Justiça
Lewandowski revoga portaria de Bolsonaro que ampliava o poder da PRF
As novas diretrizes restringem desvio de agentes da corporação para participar de operações conjuntas e revoga a equiparação de poder em investigações
O ministro da Justiça e da Segurança Pública, Ricardo Lewandowski, assinou nesta quarta-feira 18 uma portaria que define novas diretrizes para a atuação da Polícia Rodoviária Federal.
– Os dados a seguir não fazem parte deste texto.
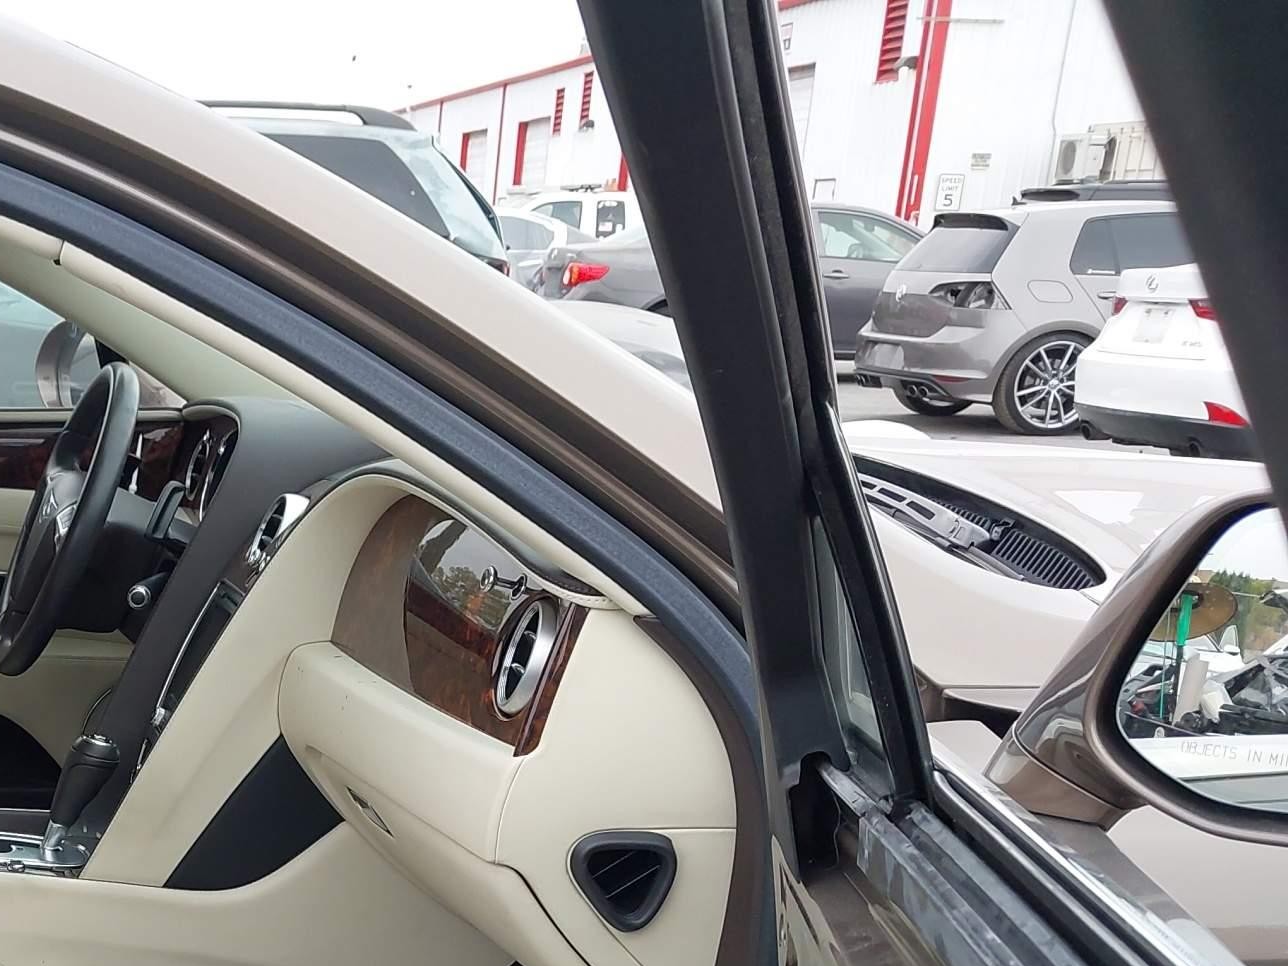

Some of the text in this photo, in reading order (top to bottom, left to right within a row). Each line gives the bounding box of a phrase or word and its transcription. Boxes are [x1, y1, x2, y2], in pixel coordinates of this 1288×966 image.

Na prática, o novo texto revoga a norma anterior, lavrada durante o governo de Jair Bolsonaro (PL).
As novas diretrizes restringem os poderes da PRF em operações conjuntas com outros órgãos do Sistema Único de Segurança Pública, o SUSP. Entre as maiores mudanças, agentes da PRF não poderão mais exercer competências exclusivas das polícias Federal e Civil, como a investigação de crimes.
As operações conjuntas também passam a necessitar de autorização do diretor-geral da corporação, que deverá justificar a necessidade e a conveniência do efetivo disponibilizado, além de detalhar os recursos que serão utilizados e o custo total. A autorização do diretor-geral só será dispensada em casos de calamidade pública ou de ameaças graves à ordem, momentos em que o ministro da Justiça poderá autorizar o emprego da PRF.
Na prática, a mudança dificulta que agentes da PRF sejam mobilizados para funções além do previsto. Em 2022, Silvinei Vasques, então diretor da PRF, decretou operações para investigar o transporte de eleitores em diversas estradas do país, o que dificultou o acesso às urnas. À época, as operações precisaram ser suspensas após solicitação da Justiça Eleitoral ao STF. Neste ano, a Polícia Federal concluiu que as operações autorizadas por Vasques tiveram como intuito impactar negativamente zonas eleitorais em que o então candidato Luiz Inácio Lula da Silva (PT) liderava nas pesquisas.
Diferente das polícias Civil e Federal, agentes da PRF são treinados para atuar apenas na segurança e manutenção da ordem em rodovias federais. As funções haviam sido ampliadas em 2021, quando o então ministro da Justiça, André Mendonça, liberou a corporação para atuar em operações conjuntas com poder equiparado.